I recently commented on an article by Bruno Aziza (@brunoaziza) from AtScale . As mentioned in this earlier piece, Bruno and I have known each other for a while. After I published my article – and noting my interest in all things CDO  – he dropped me a line, drawing my attention to a further piece he had penned: CDOs: They Are Not Who You Think They Are. As with most things Bruno writes, I’d suggest it merits taking a look. Here I’m going to pick up on just a few pieces.
First of all, Bruno cites Gartner saying that:
[…] they found that there were about 950 CDOs in the world already.
In one way that’s a big figure, in another, it is a small fraction of the at least medium-sized companies out there. So it seems that penetration of the CDO role still has some way to go.
Bruno goes on to list a few things which he believes a CDO is not (e.g. a compliance officer, a finance expert etc.) and suggests that the CDO role works best when reporting to the CEO , noting that:
[…] every CEO that’s not analytically driven will have a hard time gearing its company to success these days.
He closes by presenting the image I reproduce below:
and adding the explanatory note:
- The CDO is at the intersection of Innovation, Compliance and Data Expertise. When all he/she just does is compliance, it’s danger. They will find resistance at first and employees will question the value the CDO office adds to the company’s bottom line.
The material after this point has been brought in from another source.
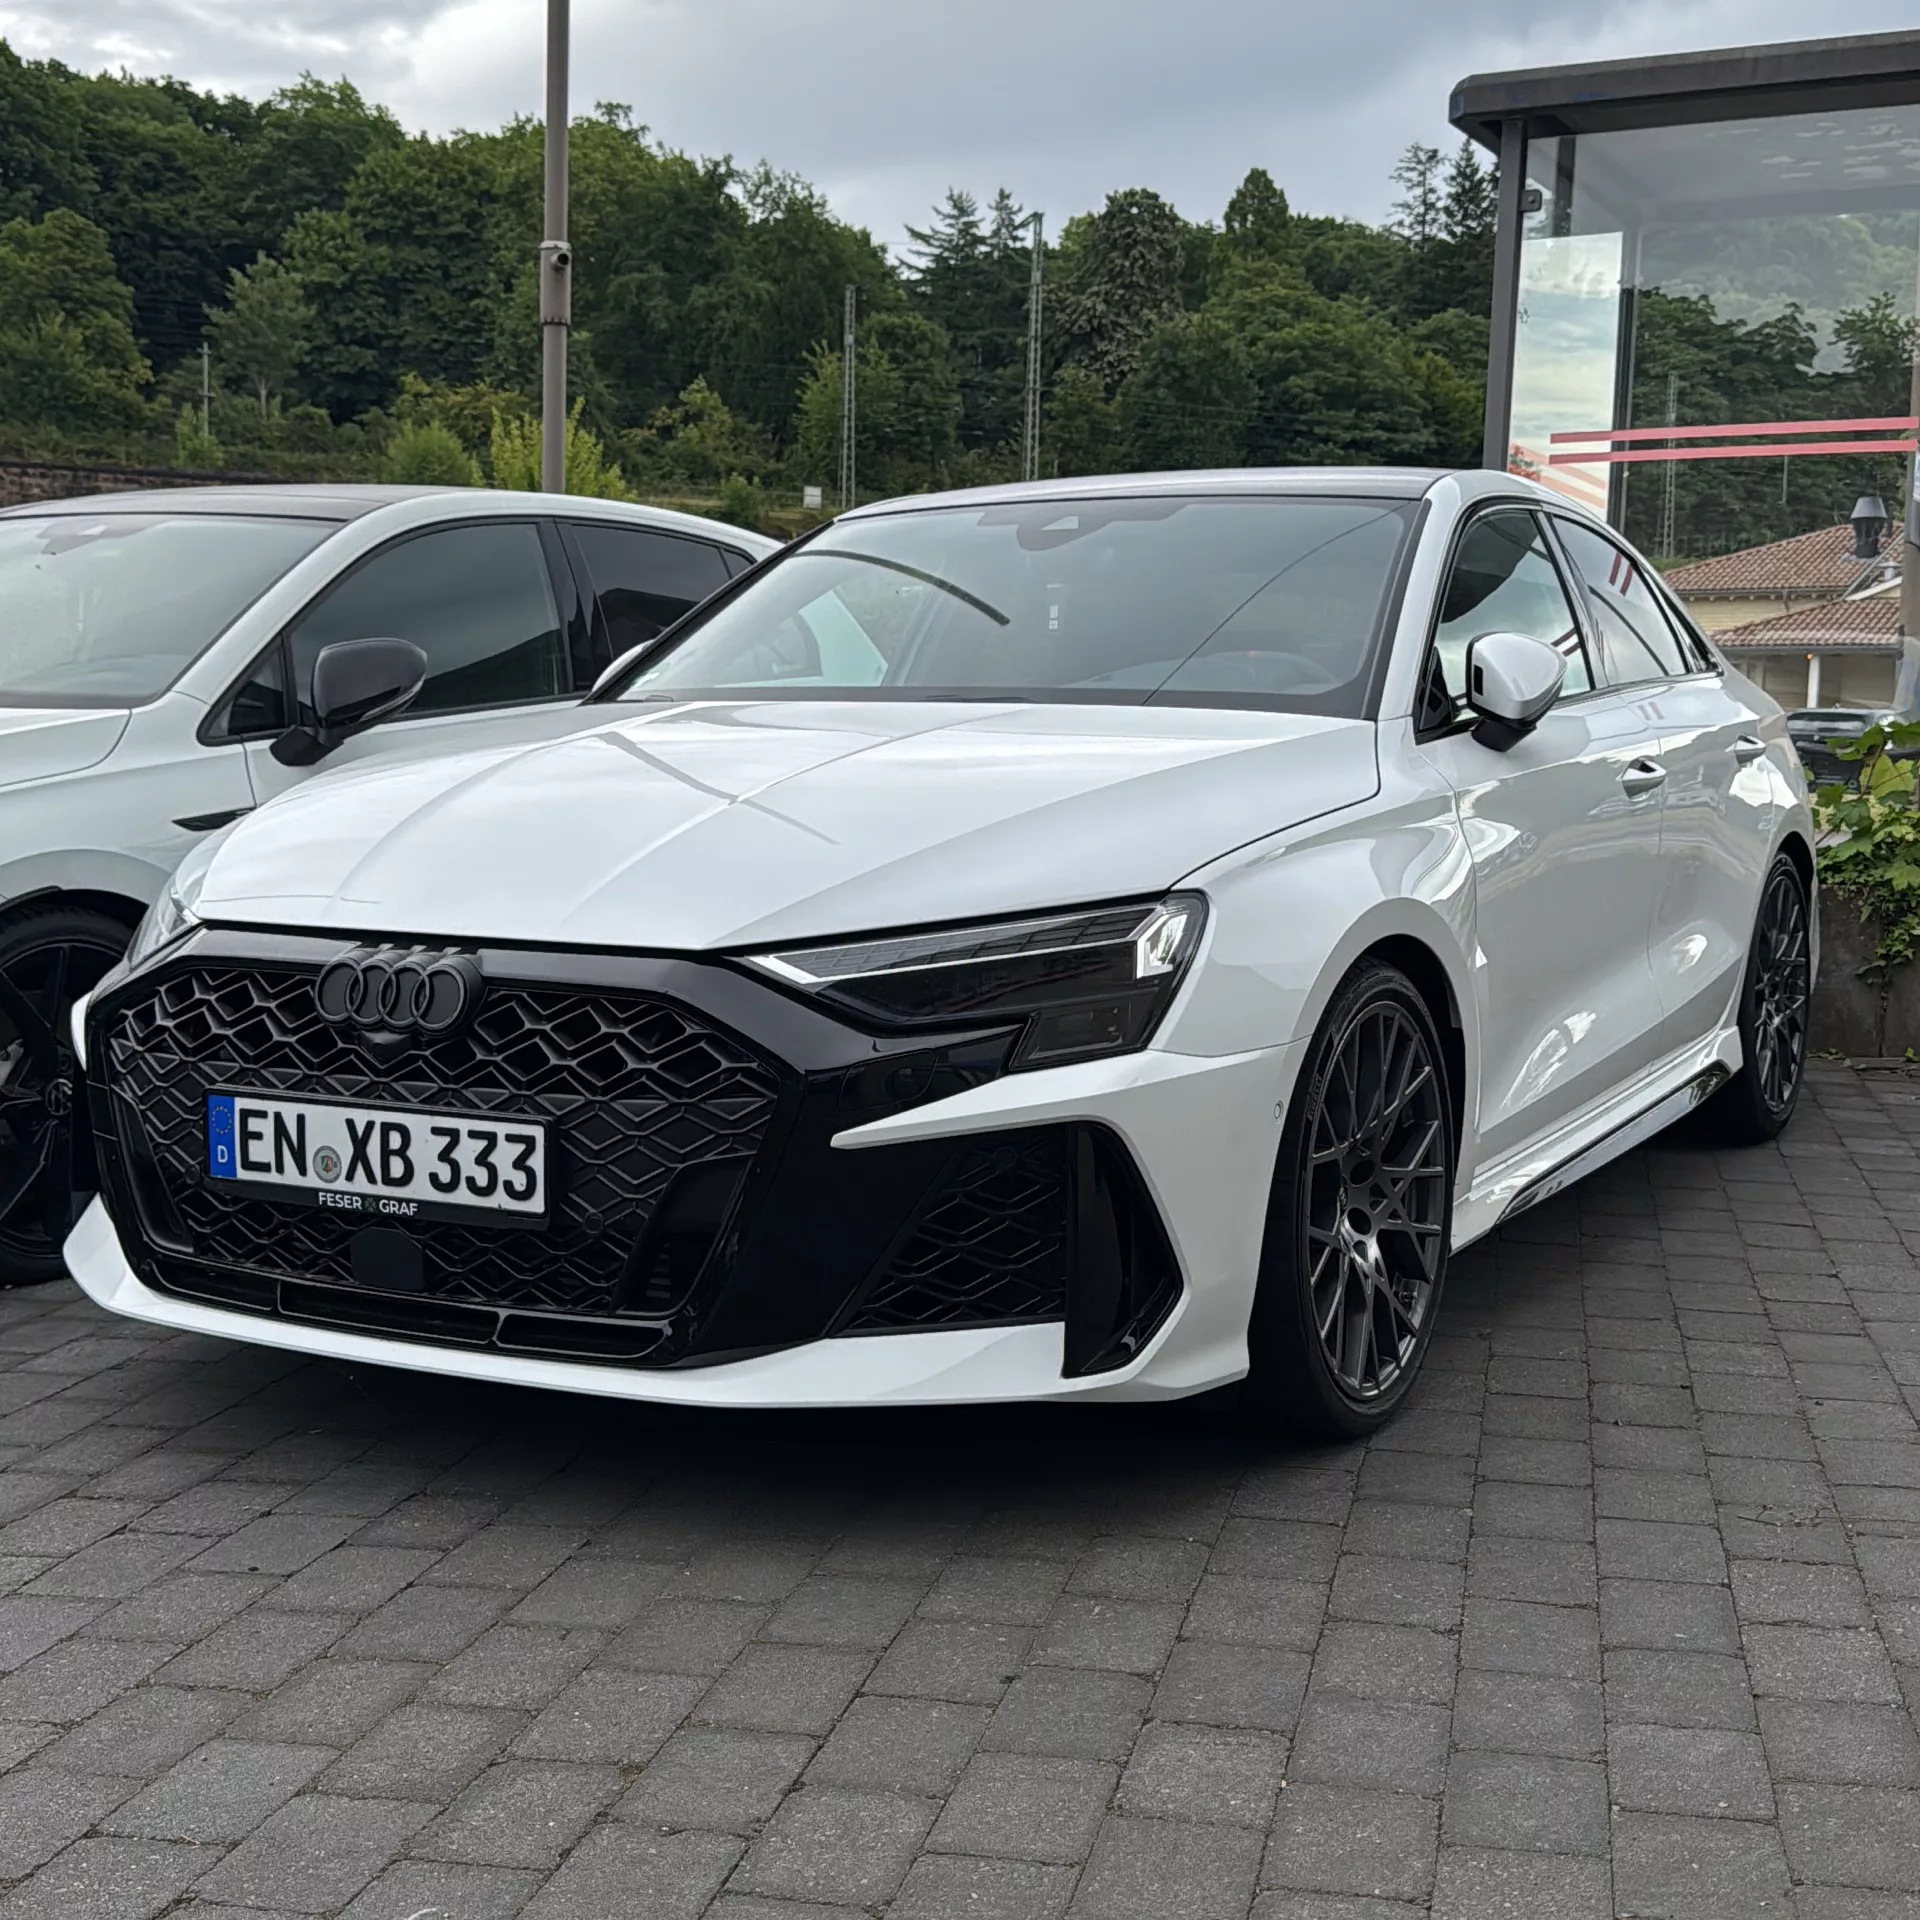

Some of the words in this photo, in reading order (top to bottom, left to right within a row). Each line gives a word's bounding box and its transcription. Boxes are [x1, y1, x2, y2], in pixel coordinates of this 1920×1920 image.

First of all kudos for a correct use of the term Venn Diagram . Second I agree that the role of CDO is one which touches on many different areas. In each of these, while as Bruno says, the CDO may not need to be an expert, a working knowledge would be advantageous . Third I wholeheartedly support the assertion that a CDO who focusses primarily on compliance (important as that may well be) will fail to get traction. It is only by blending compliance work with the leveraging of data for commercial advantage in which organizations will see value in what a CDO does.
Finally, Bruno’s diagram put me in mind of the one I introduced in The Chief Data Officer “Sweet Spot”. In this article, the image I presented touched each of the principle points of a compass (North, South, East and West). My assertion was that the CDO needed to sit at the sweet spot between respectively Data Synthesis / Data Compliance and Business Expertise / Technical Expertise. At the end of this piece, I suggested that in reality, the intervening compass points (North West, South East, North East and South West) should also appear, reflecting other spectrums that the CDO needs to straddle. Below I have extended my earlier picture to include these other points and labeled the additional extremities between which I think any successful CDO must sit. Hopefully, I have done this in a way that is consistent with Bruno’s Venn diagram.
The North East / South West axis is one I mentioned in passing in my earlier text. While in my experience business is seldom anything but usual, BAU has slipped into the lexicon and it’s pointless to pretend that it hasn’t. Equally, Change has come to mean big and long-duration change, rather than the hundreds of small changes that tend to make up BAU. The North West / South East axis is new and inspired by Bruno’s diagram. In today’s business climate, I believe that the successful CDO must be both innovative and have an ability to deliver on ideas that he or she generates.
As I have mentioned before, finding someone who sits at the nexus of either Bruno’s diagram or mine is not a trivial exercise. Equally, being a CDO is not a simple job; then very few worthwhile things are easy to achieve in my experience.